BSD
Veteren member
- Messages
- 3,819
- Likes
- 988
Good articles:
"- Up to 60% of trading in equity markets is computer-driven.
- algorithmic trades tend to be correlated, suggesting that the algorithmic strategies used in the market are not as diverse as those used by non-algorithmic traders
- there is no evident causal relationship between algorithmic trading and increased exchange rate volatility
- even though some algorithmic traders appear to restrict their activity in the minute following macroeconomic data releases, algorithmic traders increase their provision of liquidity over the hour following each release
- non-algorithmic order flow accounts for a larger share of the variance in exchange rate returns than does algorithmic order flow
- there is evidence that supports the recent literature that proposes to depart from the prevalent assumption that liquidity providers in limit order books are passive.
- some algorithms now automatically read and interpret economic data releases, generating trading orders before economists have begun to read the first line.
- I don't see them being a problem unless everyone is automatically increasing trade size and leverage with the trend. The associated risk-management is fairly sophisticated. That they would do this in a highly-correlated, invisible way is highly unlikely. And high-frequency trading is by definition short-term, so there is constant buying and selling in the market. A lot of these strategies may not hold a position overnight. Markets that are up a lot or down a lot as one-way sure-bet trades are pretty highly publicized. You'll eventually get a sudden reversal, and a lot of haircuts, but these overextensions most savvy players can see coming (though you don't know where or when the turn is going to happen). Wouldn't worry about it - enjoy the
liquidity."
http://www.dailyspeculations.com/wordpress/?p=4350
A few more details:
http://www.federalreserve.gov/pubs/ifdp/2009/980/ifdp980.pdf
Agree with there not being anything to worry about.
This after all is fair and above board unlike Goldman Sach's stolen algo: Tool for Legal Frontrunning
The markets will always provide ample opportunities for humans, but that's not to say that one should close ones mind to available opportunities, or why one shouldn't have two irons in the fire.
"- Up to 60% of trading in equity markets is computer-driven.

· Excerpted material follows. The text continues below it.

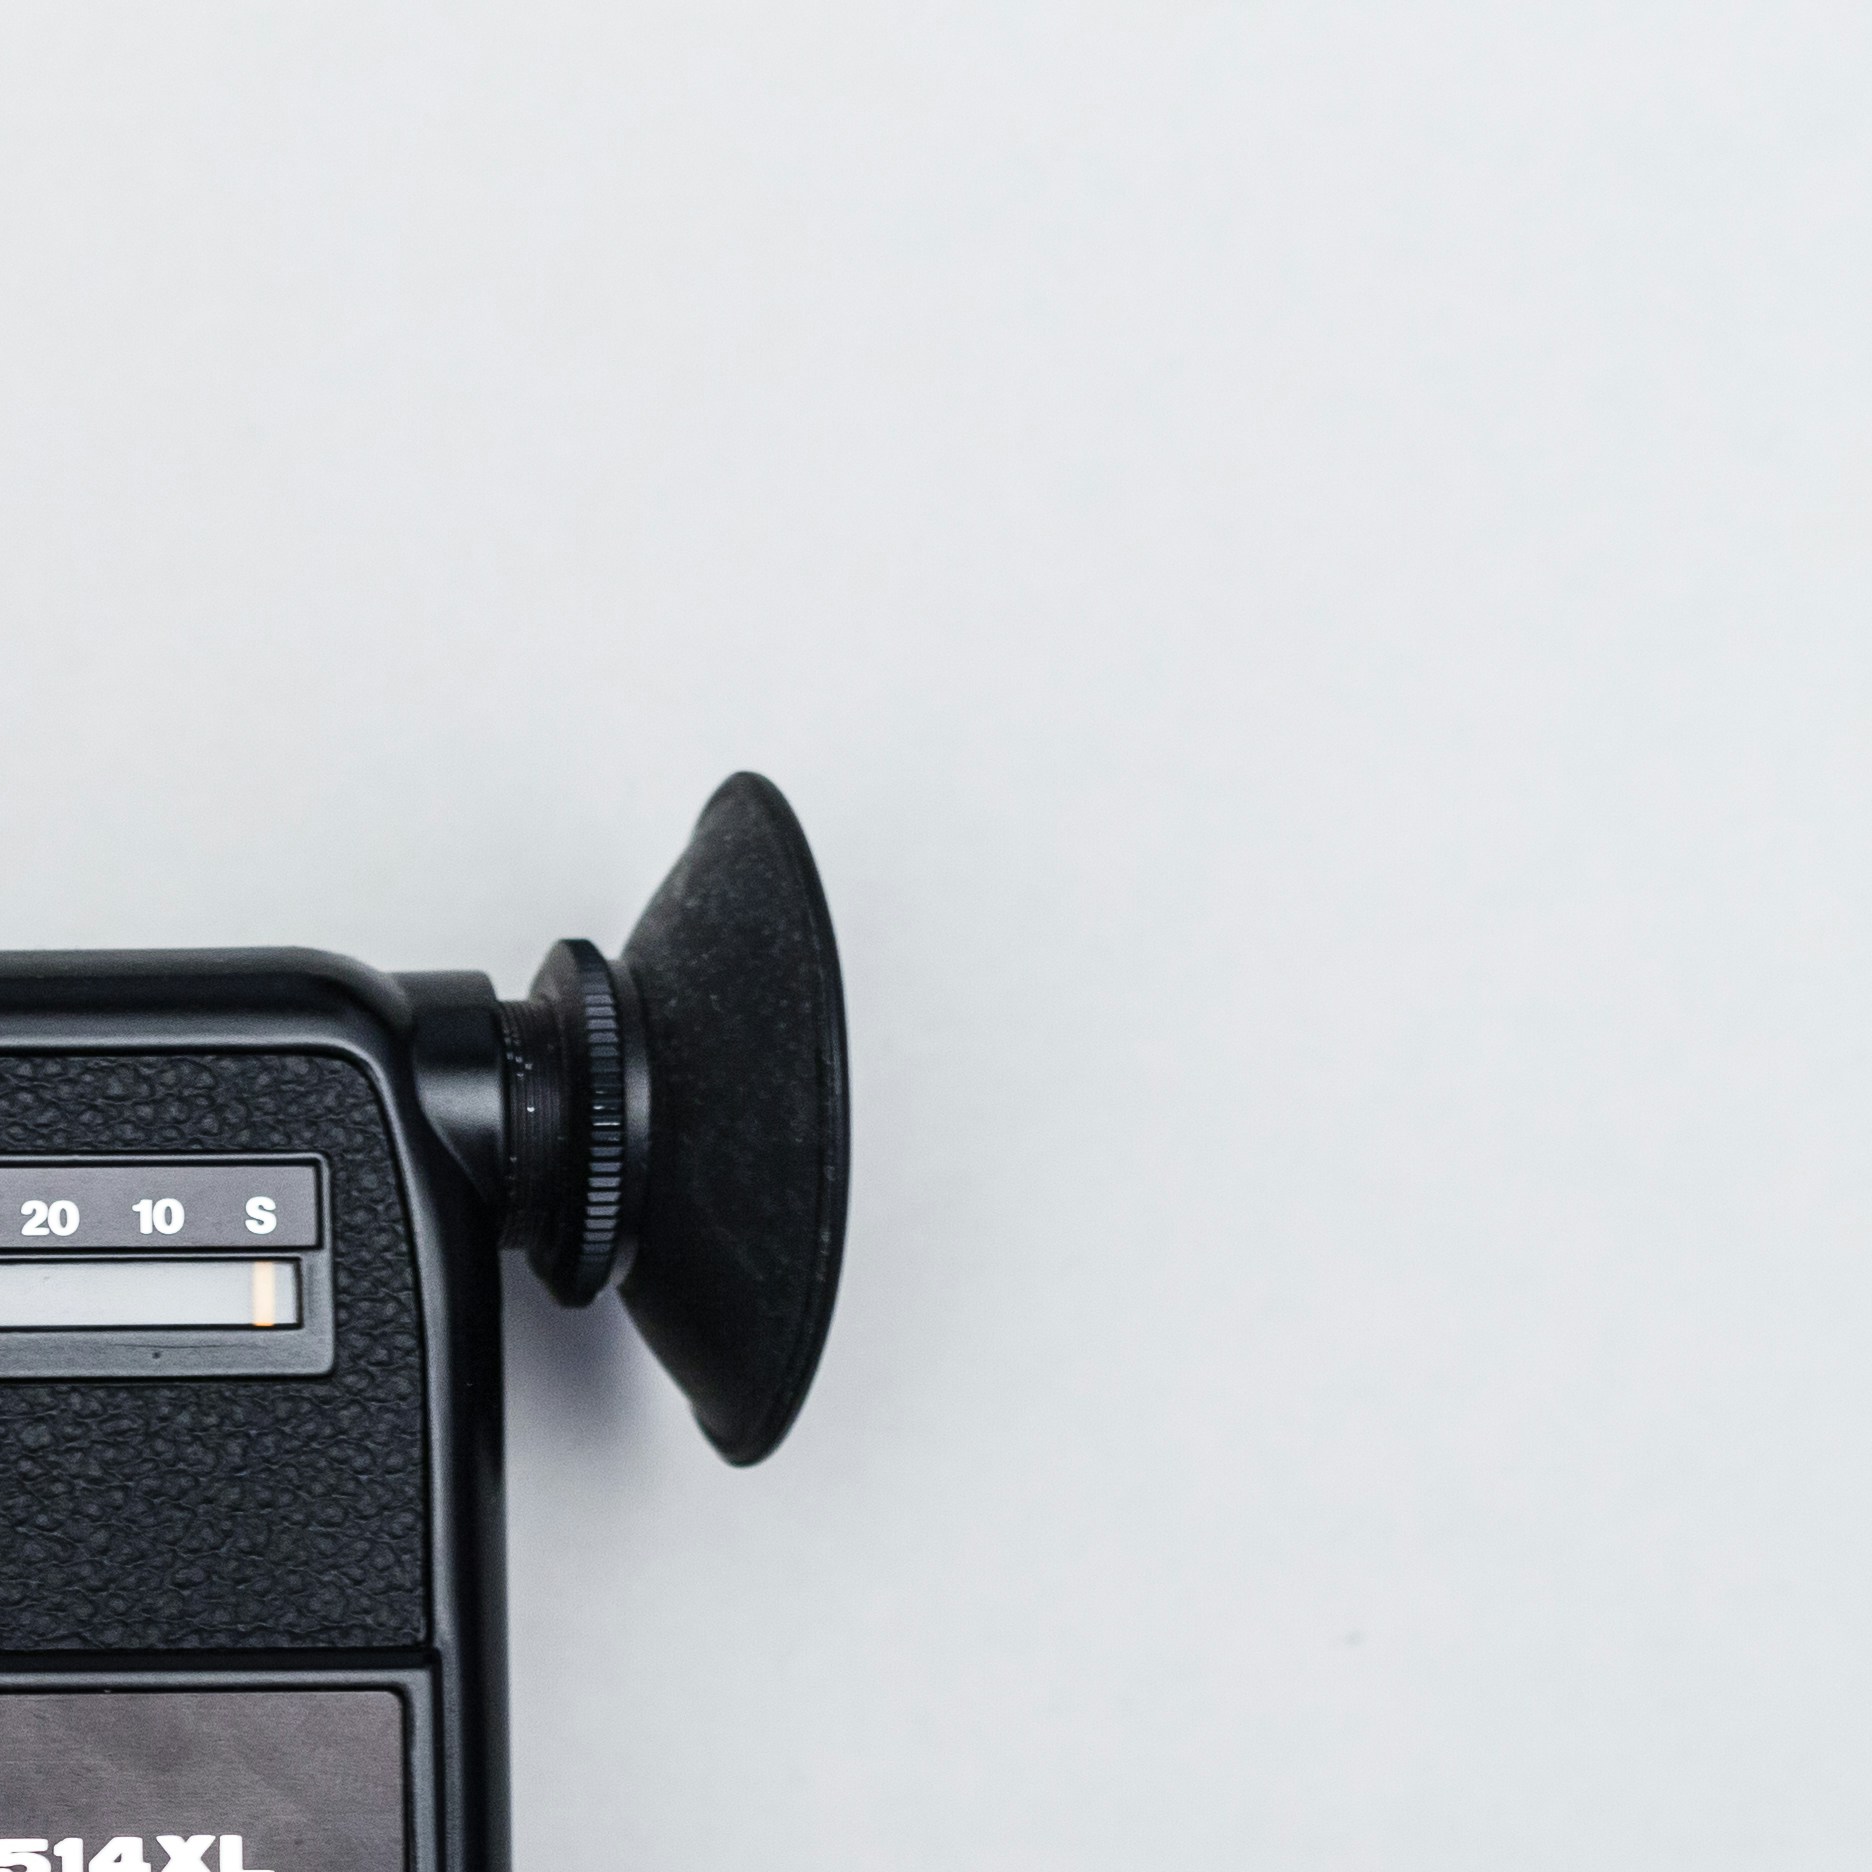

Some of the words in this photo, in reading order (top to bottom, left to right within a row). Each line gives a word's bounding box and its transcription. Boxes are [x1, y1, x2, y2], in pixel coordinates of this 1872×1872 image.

[19, 1199, 81, 1238] 20
[131, 1197, 186, 1236] 10
[244, 1196, 278, 1235] S

- algorithmic trades tend to be correlated, suggesting that the algorithmic strategies used in the market are not as diverse as those used by non-algorithmic traders
- there is no evident causal relationship between algorithmic trading and increased exchange rate volatility
- even though some algorithmic traders appear to restrict their activity in the minute following macroeconomic data releases, algorithmic traders increase their provision of liquidity over the hour following each release
- non-algorithmic order flow accounts for a larger share of the variance in exchange rate returns than does algorithmic order flow
- there is evidence that supports the recent literature that proposes to depart from the prevalent assumption that liquidity providers in limit order books are passive.

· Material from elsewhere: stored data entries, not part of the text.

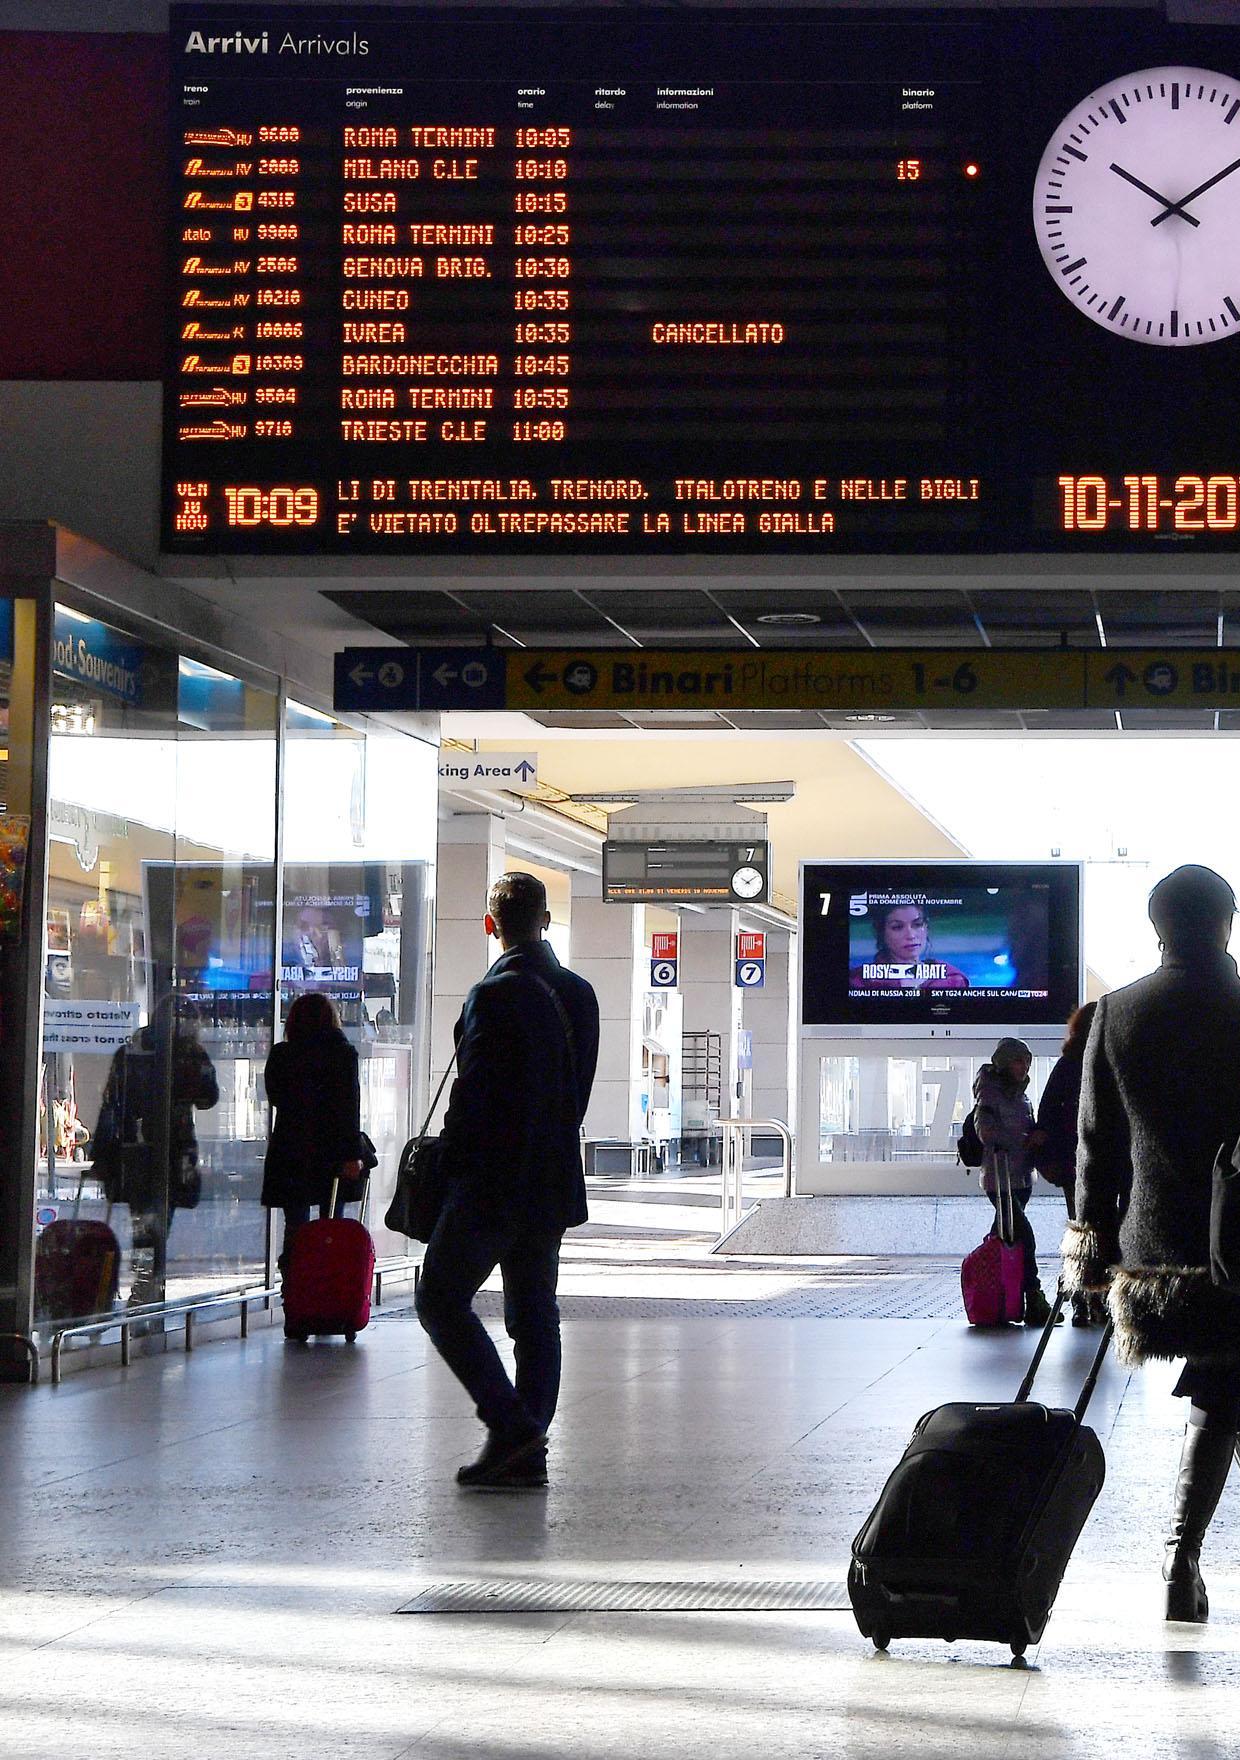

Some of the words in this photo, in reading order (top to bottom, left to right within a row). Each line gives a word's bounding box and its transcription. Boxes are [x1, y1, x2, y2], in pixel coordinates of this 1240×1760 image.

[186, 32, 268, 53] Arrivi
[279, 32, 368, 54] Arrivals
[183, 85, 209, 93] treno
[346, 86, 403, 96] provenienza
[517, 87, 546, 96] orario
[594, 87, 626, 96] ritardo
[657, 87, 714, 96] informazioni
[902, 88, 935, 97] binario
[183, 98, 201, 106] train
[345, 100, 368, 109] origin
[517, 101, 534, 109] time
[594, 100, 614, 109] delay
[656, 100, 699, 110] information
[901, 100, 933, 110] platform
[344, 128, 398, 147] ROMA
[411, 126, 495, 147] TERMINI
[516, 128, 571, 147] 10:05
[344, 158, 420, 179] MILANO
[433, 159, 477, 179] C.LE
[515, 160, 568, 179] 10:10
[897, 160, 921, 180] 15
[344, 192, 398, 212] SUSA
[515, 192, 568, 212] 10:15
[343, 224, 397, 244] ROMA
[410, 224, 494, 244] TERMINI
[515, 224, 570, 245] 10:25
[344, 256, 424, 277] GENOVA
[435, 256, 491, 277] BRIG.
[515, 257, 571, 277] 10:30
[343, 289, 409, 310] CUNEO
[515, 290, 569, 310] 10:35
[344, 322, 407, 343] IVREA
[515, 322, 569, 343] 10:35
[653, 322, 784, 343] CANCELLATO
[343, 354, 498, 375] BARDONECCHIA
[514, 354, 569, 375] 10:45
[341, 420, 427, 441] TRIESTE
[442, 421, 486, 441] C.LE
[513, 421, 566, 441] 11:00
[223, 485, 320, 527] 10:09
[338, 514, 357, 533] E'
[370, 512, 456, 533] VIETATO
[471, 512, 629, 533] OLTREPASSARE
[644, 513, 671, 532] LA
[684, 513, 744, 533] LINEA
[759, 512, 835, 533] GIALLA
[612, 662, 733, 695] Binari
[741, 662, 893, 695] Platforms
[911, 662, 980, 695] 1-6
[474, 764, 511, 777] Area
[746, 848, 755, 863] 7
[820, 893, 830, 915] 7
[659, 967, 669, 980] 6
[746, 967, 756, 980] 7
[863, 964, 890, 979] ROSY
[916, 964, 947, 979] ABATE

- some algorithms now automatically read and interpret economic data releases, generating trading orders before economists have begun to read the first line.

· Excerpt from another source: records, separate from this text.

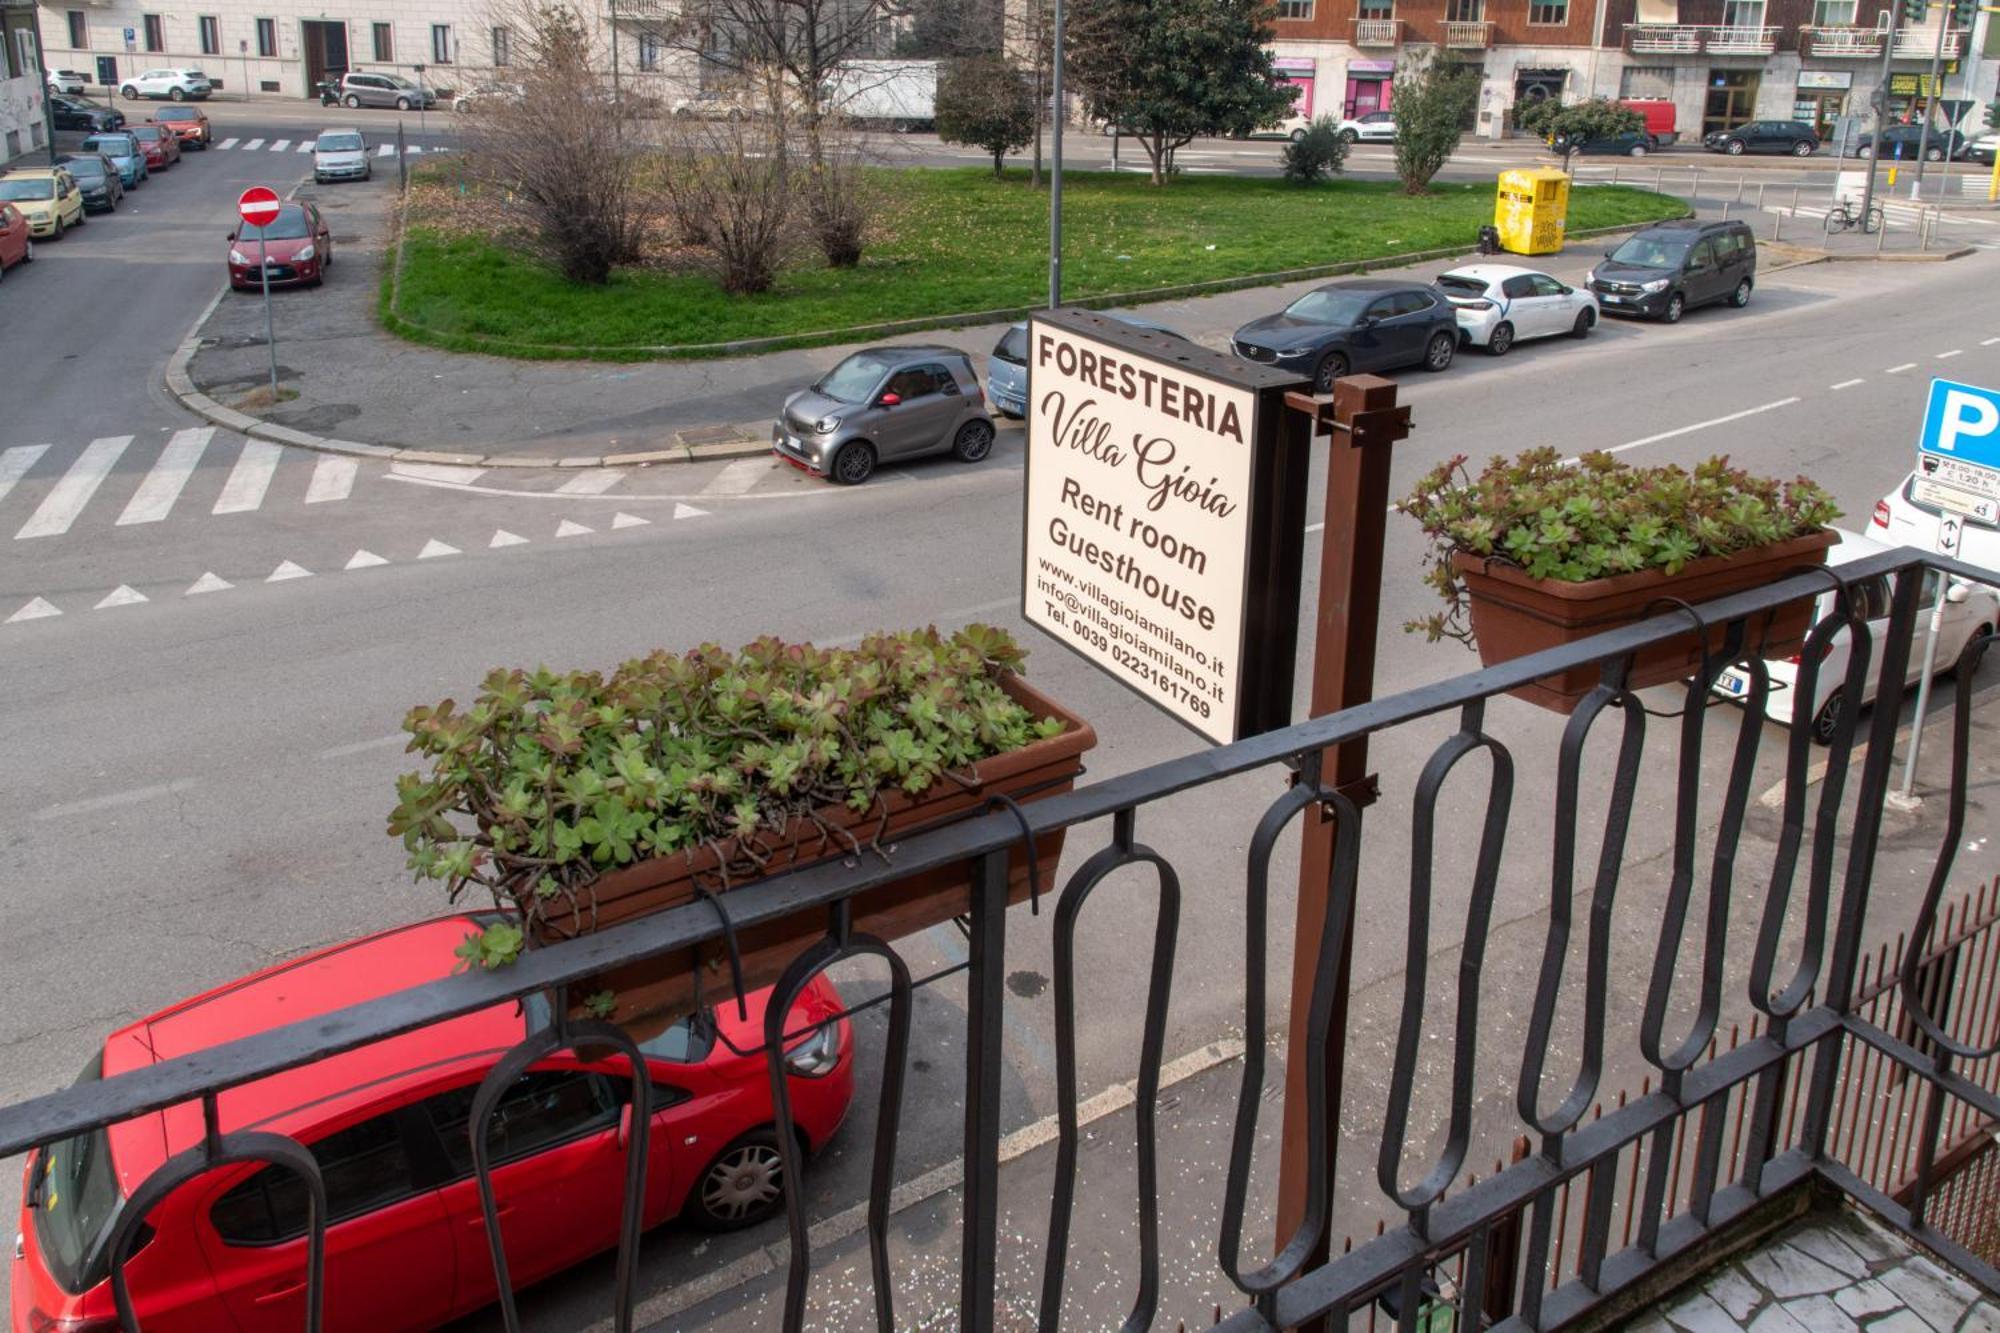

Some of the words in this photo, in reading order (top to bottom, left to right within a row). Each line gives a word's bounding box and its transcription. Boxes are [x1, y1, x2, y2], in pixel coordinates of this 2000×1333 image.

[1039, 334, 1244, 445] FORESTERIA
[1938, 389, 2000, 451] P
[1041, 391, 1128, 468] Villa
[1132, 433, 1237, 519] Gioia
[1049, 517, 1216, 632] Guesthouse
[1060, 476, 1124, 532] Rent
[1129, 517, 1208, 576] room
[1037, 575, 1225, 704] info@villagioiamilano.it
[1038, 556, 1225, 678] www.villagioiamilano.it
[1045, 600, 1069, 629] Tel.
[1073, 619, 1109, 652] 0039
[1112, 643, 1212, 719] 0223161769

- I don't see them being a problem unless everyone is automatically increasing trade size and leverage with the trend. The associated risk-management is fairly sophisticated. That they would do this in a highly-correlated, invisible way is highly unlikely. And high-frequency trading is by definition short-term, so there is constant buying and selling in the market. A lot of these strategies may not hold a position overnight. Markets that are up a lot or down a lot as one-way sure-bet trades are pretty highly publicized. You'll eventually get a sudden reversal, and a lot of haircuts, but these overextensions most savvy players can see coming (though you don't know where or when the turn is going to happen). Wouldn't worry about it - enjoy the
liquidity."
http://www.dailyspeculations.com/wordpress/?p=4350
A few more details:
http://www.federalreserve.gov/pubs/ifdp/2009/980/ifdp980.pdf
Agree with there not being anything to worry about.
This after all is fair and above board unlike Goldman Sach's stolen algo: Tool for Legal Frontrunning
The markets will always provide ample opportunities for humans, but that's not to say that one should close ones mind to available opportunities, or why one shouldn't have two irons in the fire.